Le tsar de Russie propose à son allié français de lui fournir des hommes contre l’armement lourd qui lui fait défaut. 40.000 russes prennent ainsi la mer vers la France.

Au printemps 1917, pendant l’offensive du chemin des dames, 100.000 soldats français viennent mourir en quelques jours au pied des lignes allemandes. A leur tour, les russes sont envoyés au massacre (avec les troupes coloniales que l’armée française a amenée en renfort).

Les russes apprennent par le journal clandestin Natcholo que, pendant qu’ils meurent en une lointaine terre étrangère, une révolution se déroule chez eux.

Alors qu’ils sont repliés sur Neufchâteau, ils refusent de retourner au front et exigent de rentrer en Russie.

Pour éviter la contagion dans ses propres rangs, l’état-major français décide qu’il conviendrait d’isoler rapidement ces troupes russes contaminées par la rébellion. En juin 1917, le ministère de la guerre ordonne alors le déplacement des troupes russes au camp militaire de La Courtine, en Creuse.

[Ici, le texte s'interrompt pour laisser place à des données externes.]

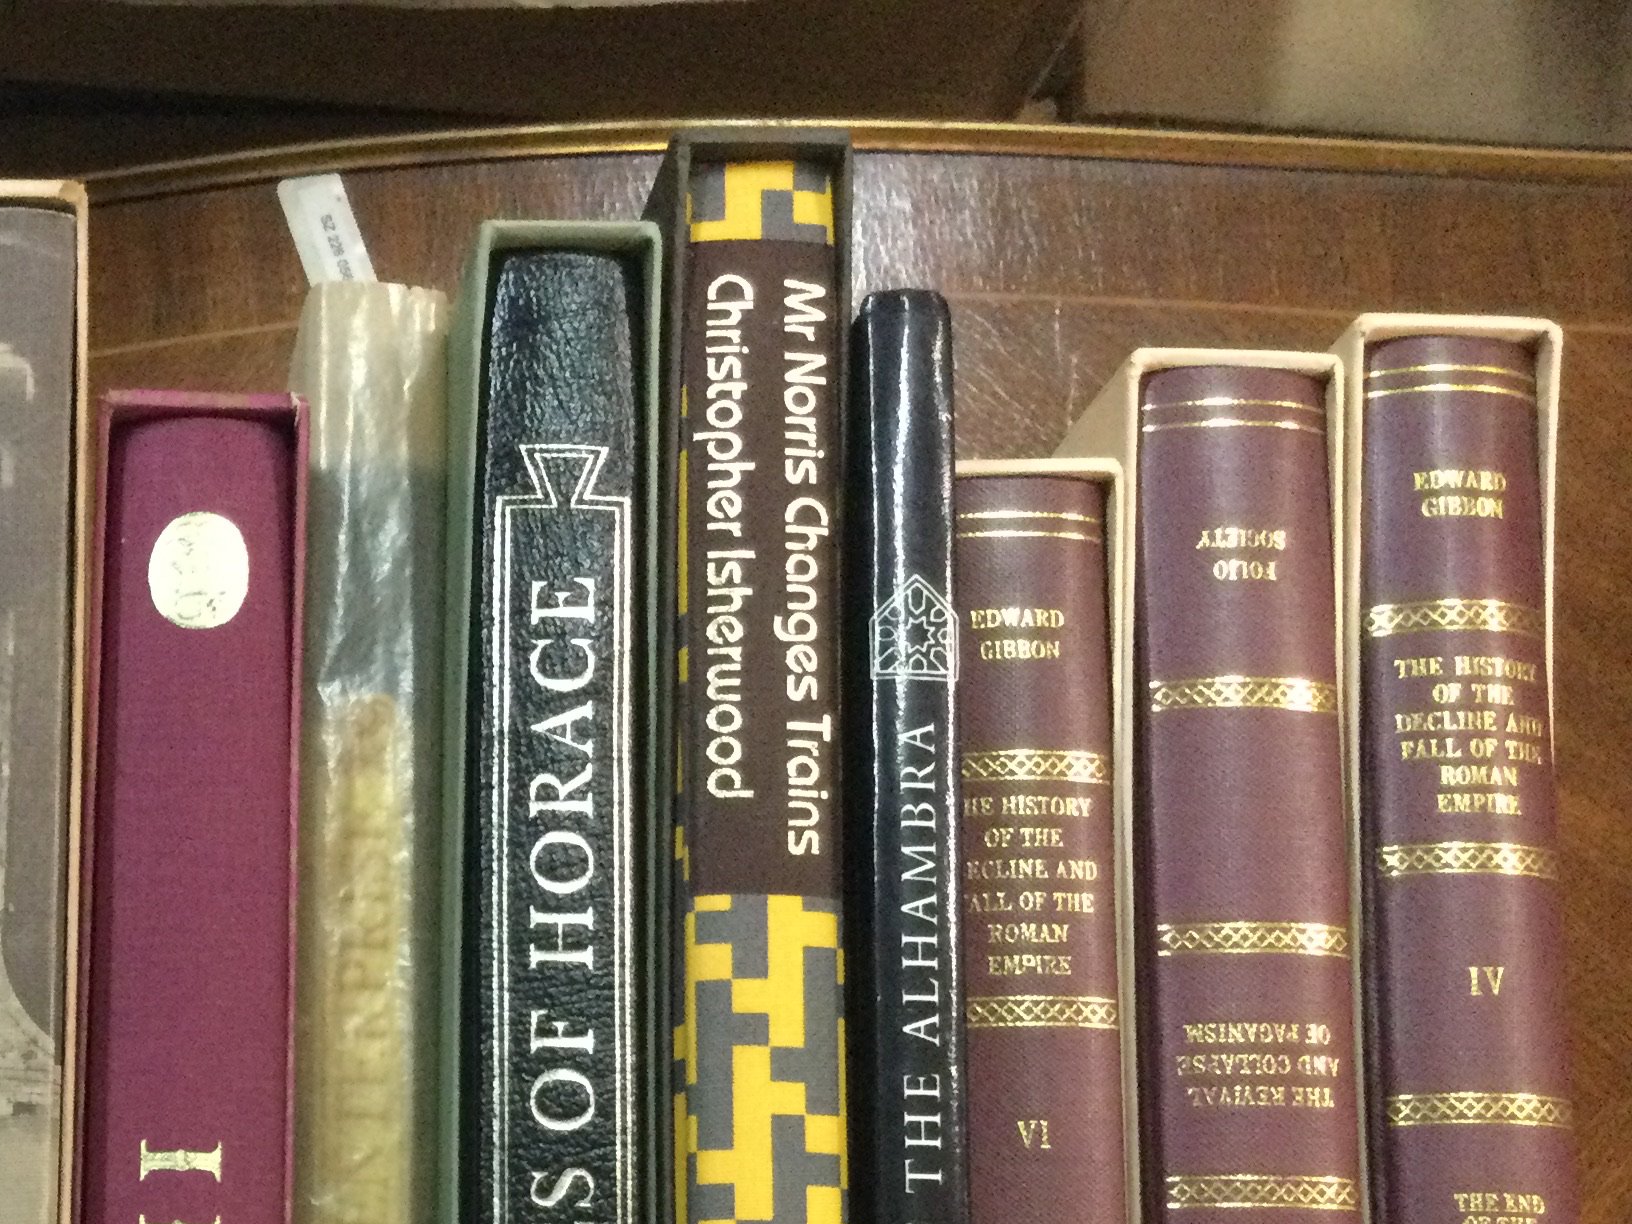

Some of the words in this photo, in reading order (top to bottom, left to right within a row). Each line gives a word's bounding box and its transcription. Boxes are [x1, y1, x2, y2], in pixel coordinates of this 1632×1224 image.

[783, 277, 828, 343] Mr
[693, 272, 756, 547] Christopher
[783, 353, 829, 485] Norris
[1413, 469, 1508, 492] EDWARD
[1421, 497, 1505, 520] GIBBON
[774, 496, 830, 703] Changes
[970, 606, 1066, 630] EDWARD
[979, 639, 1061, 662] GIBBON
[706, 549, 756, 800] Isherwood
[1393, 656, 1443, 679] THE
[1432, 682, 1462, 705] OF
[1471, 683, 1515, 706] THE
[1394, 710, 1498, 734] DECLINE
[1400, 738, 1462, 761] FALL
[1470, 738, 1498, 759] OF
[528, 577, 597, 971] HORACE
[786, 713, 832, 857] Trains
[1440, 765, 1519, 788] ROMAN
[1001, 795, 1092, 818] HISTORY
[1437, 793, 1522, 816] EMPIRE
[984, 828, 1015, 848] OF
[1019, 828, 1065, 848] THE
[1056, 860, 1099, 882] AND
[899, 720, 941, 1047] ALHAMBRA
[1018, 891, 1047, 912] OF
[1052, 891, 1095, 914] THE
[987, 923, 1070, 945] ROMAN
[1467, 965, 1506, 997] IV
[528, 1010, 596, 1132] OF
[902, 1072, 944, 1194] THE
[1017, 1119, 1052, 1149] VI
[139, 1138, 223, 1184] I
[1454, 1192, 1500, 1214] THE
[1504, 1192, 1547, 1215] END

Là, les russes refusent de rendre leurs fusils qu’ils emmènent dans le camp, expulsent leurs officiers et forment des soviets de soldats. Ils réaffirment que tout ce qu’ils veulent est leur retour en Russie. L’état major français rassemble alors 5500 soldats français, 3100 soldats russes loyalistes, et fait encercler le camp.

En septembre 1917, il donne l’ordre d’ouvrir le feu. Le premier cercle, les loyalistes russes, tire à la mitrailleuse sur les mutins russes encerclés. Derrière eux, l’artillerie française écrase le camp pendant 2 jours sous 800 obus de 75mm.

Quand le feu cesse, les délégués des soviets de soldats rescapés sont immédiatement fusillés. Les autres mutins sont condamnés aux travaux forcés et déportés dans les colonies africaines de la France.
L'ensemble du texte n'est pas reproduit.